ASSIGNMENT
The data below should be transcribed in full, with no picture included.

++++++++

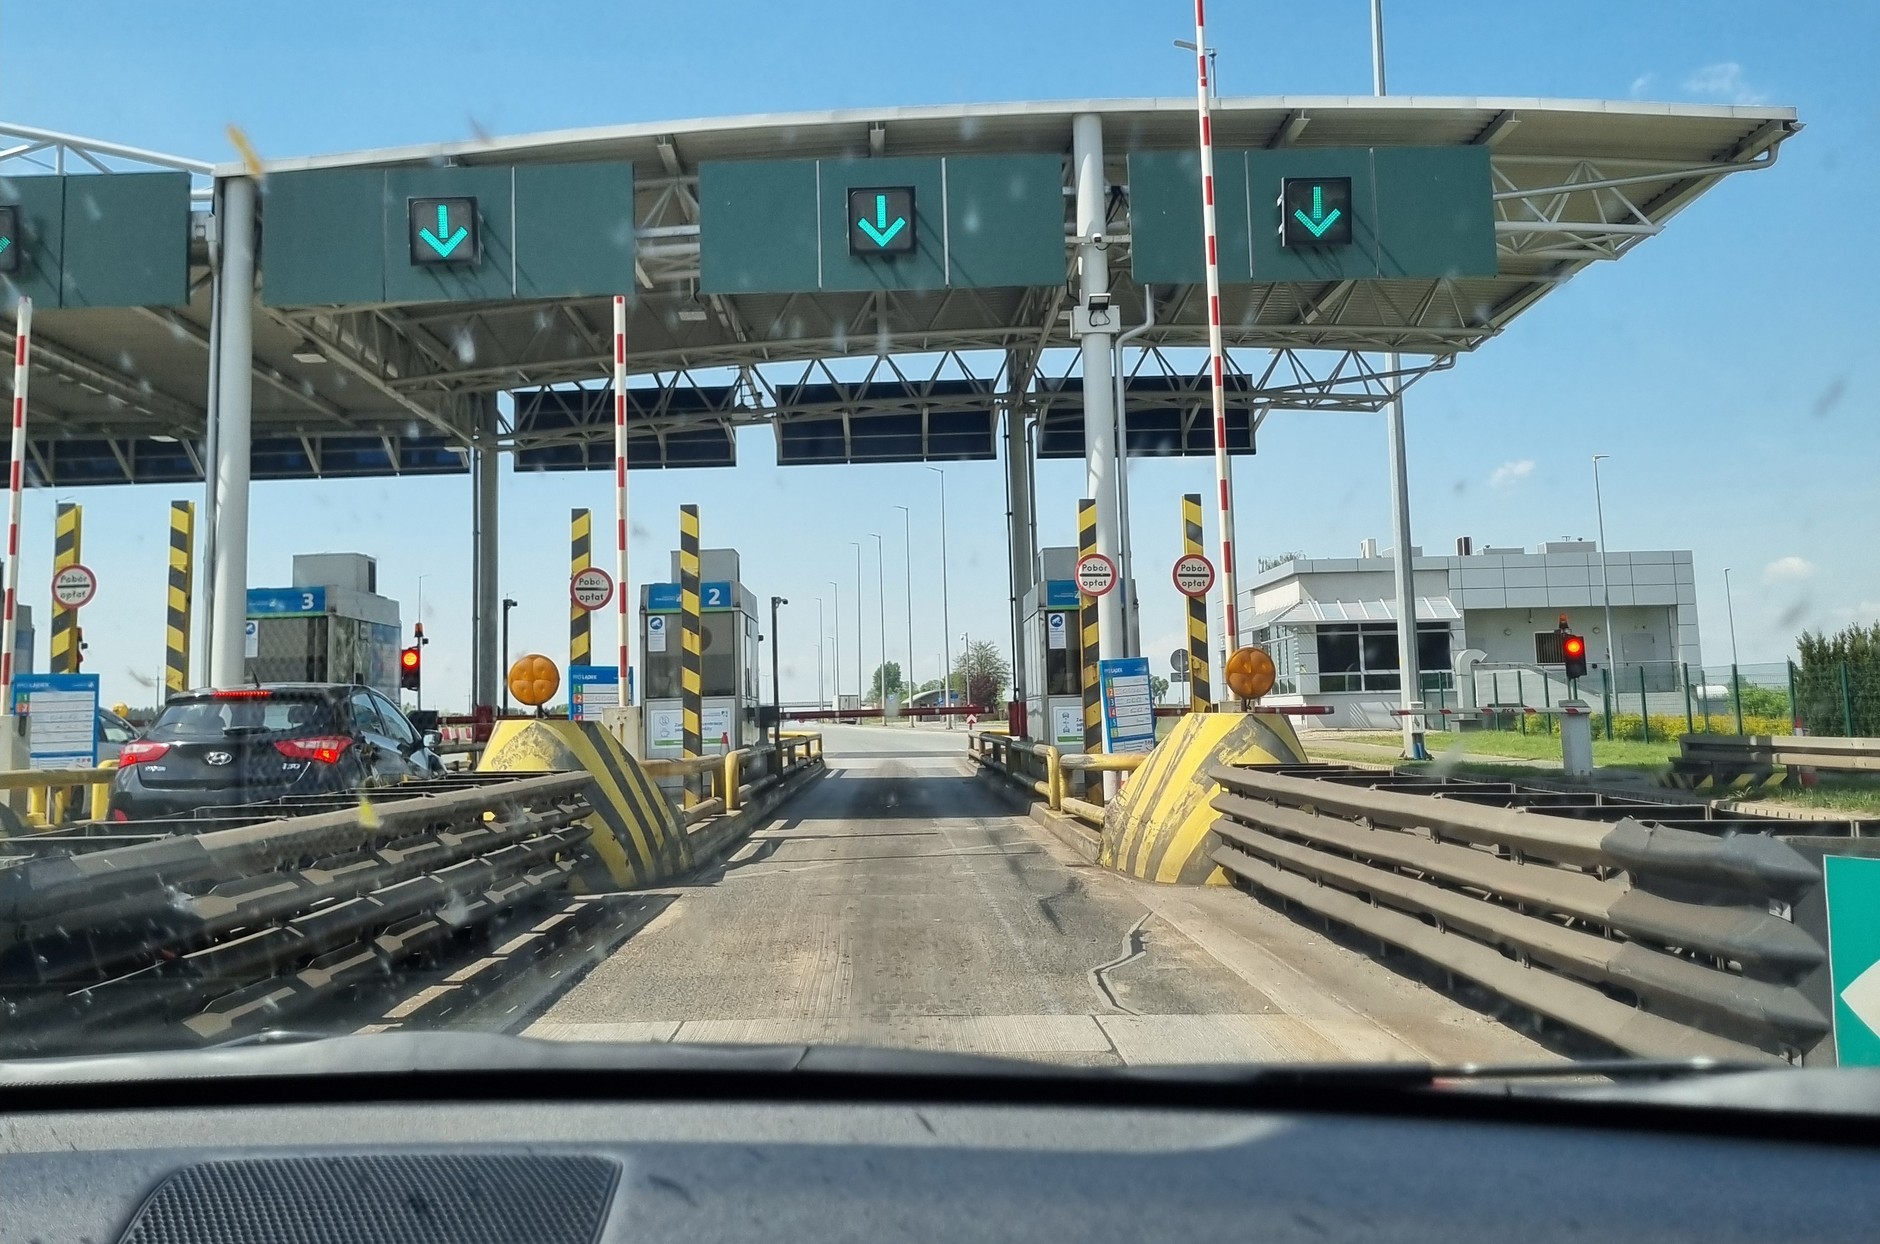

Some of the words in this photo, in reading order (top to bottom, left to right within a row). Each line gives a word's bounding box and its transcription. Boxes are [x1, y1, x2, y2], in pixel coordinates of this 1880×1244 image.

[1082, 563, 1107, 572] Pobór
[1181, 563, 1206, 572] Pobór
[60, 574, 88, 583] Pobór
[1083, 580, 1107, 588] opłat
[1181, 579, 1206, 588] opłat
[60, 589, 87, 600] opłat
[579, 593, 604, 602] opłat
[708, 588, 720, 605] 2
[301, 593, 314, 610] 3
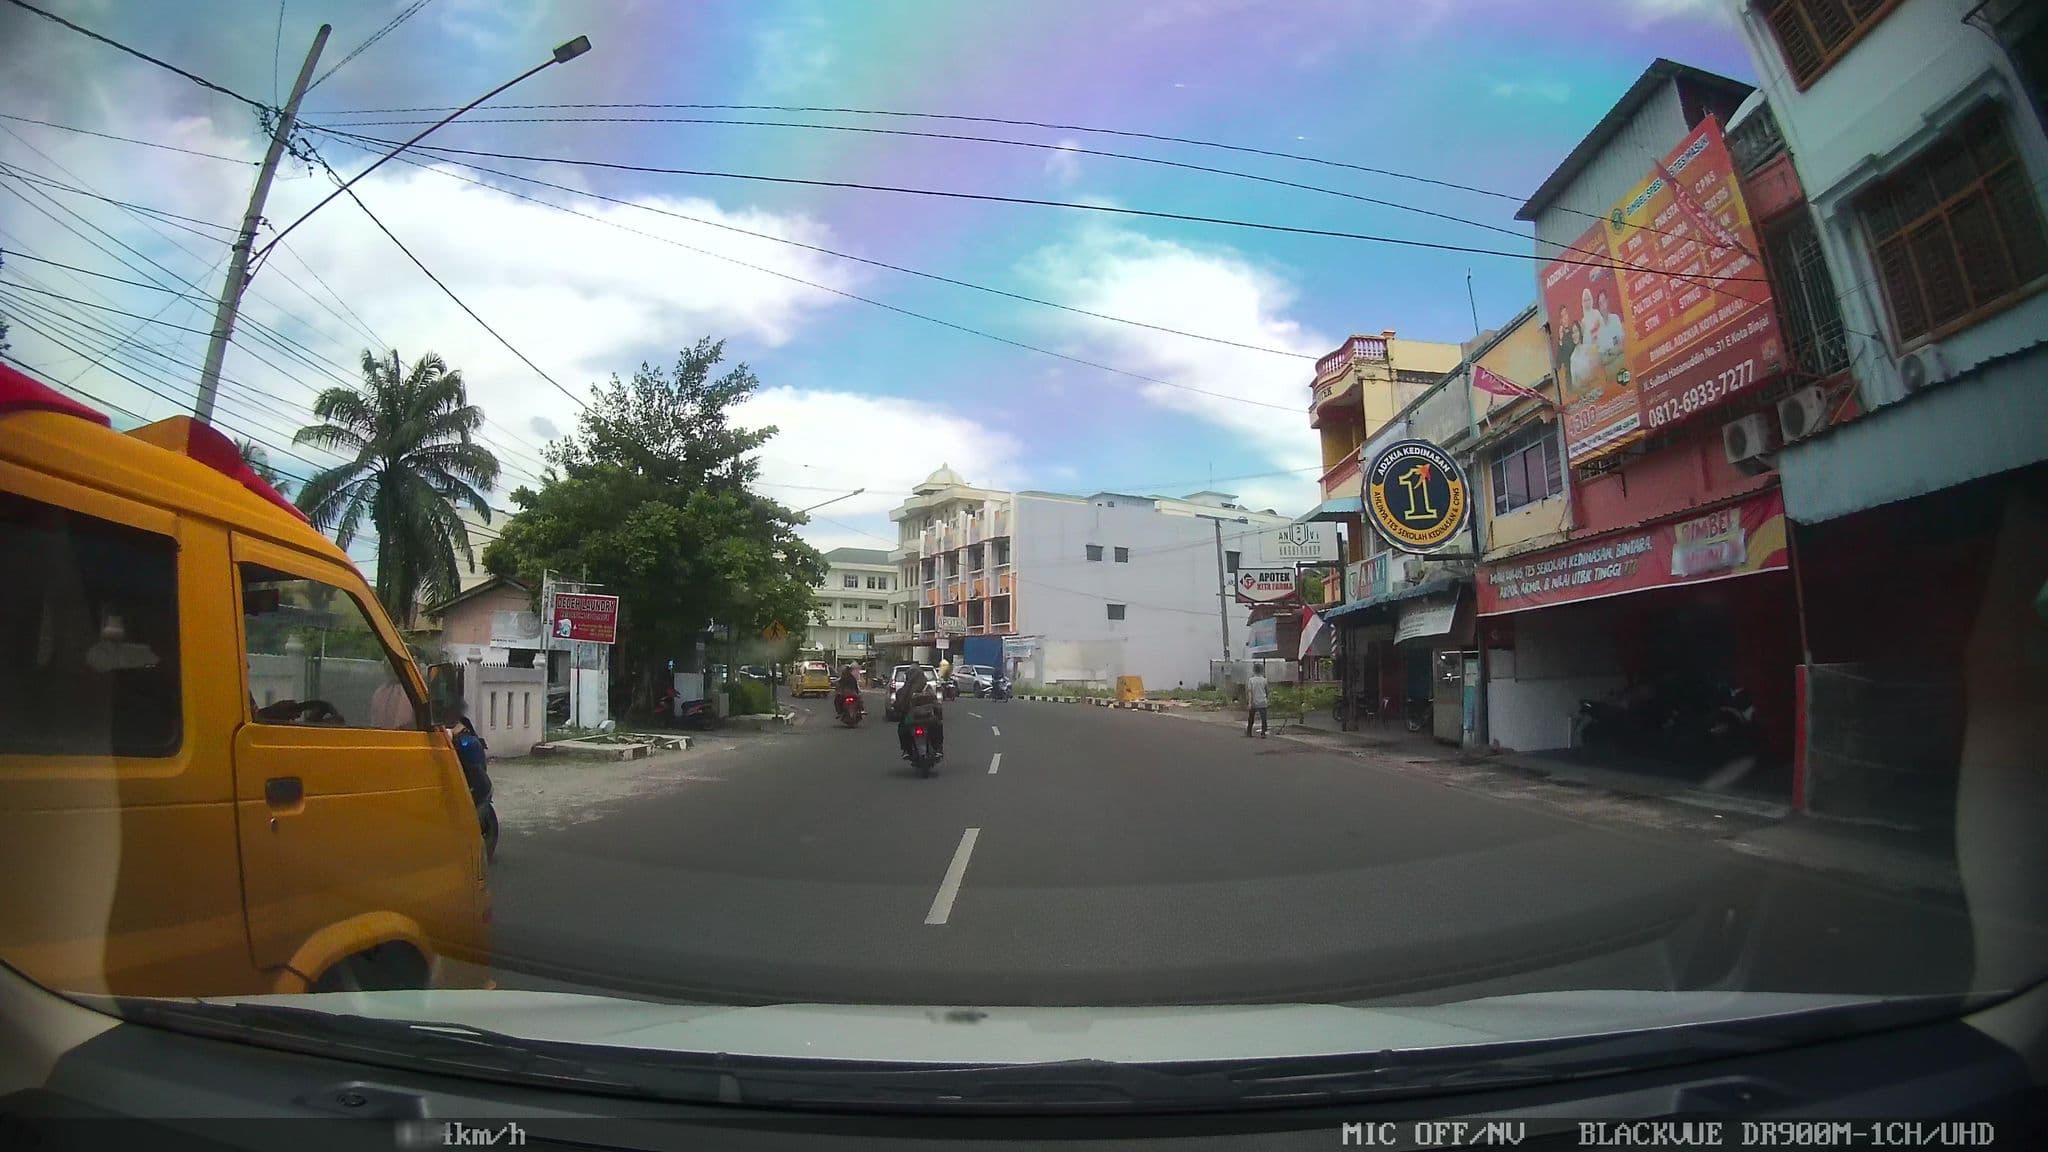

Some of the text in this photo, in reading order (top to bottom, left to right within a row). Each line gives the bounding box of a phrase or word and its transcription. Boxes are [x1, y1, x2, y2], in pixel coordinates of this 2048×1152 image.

++++++++

ANSWER FOR THE TASK
Some of the words in this photo, in reading order (top to bottom, left to right within a row). Each line gives a word's bounding box and its transcription. Boxes are [x1, y1, x2, y2], in pixel coordinates of this 1880×1244 image.

[1082, 563, 1107, 572] Pobór
[1181, 563, 1206, 572] Pobór
[60, 574, 88, 583] Pobór
[1083, 580, 1107, 588] opłat
[1181, 579, 1206, 588] opłat
[60, 589, 87, 600] opłat
[579, 593, 604, 602] opłat
[708, 588, 720, 605] 2
[301, 593, 314, 610] 3

Some of the text in this photo, in reading order (top to bottom, left to right within a row). Each line gives the bounding box of a phrase or word and its transcription. Boxes are [x1, y1, x2, y2], in pixel coordinates of this 2048×1152 image.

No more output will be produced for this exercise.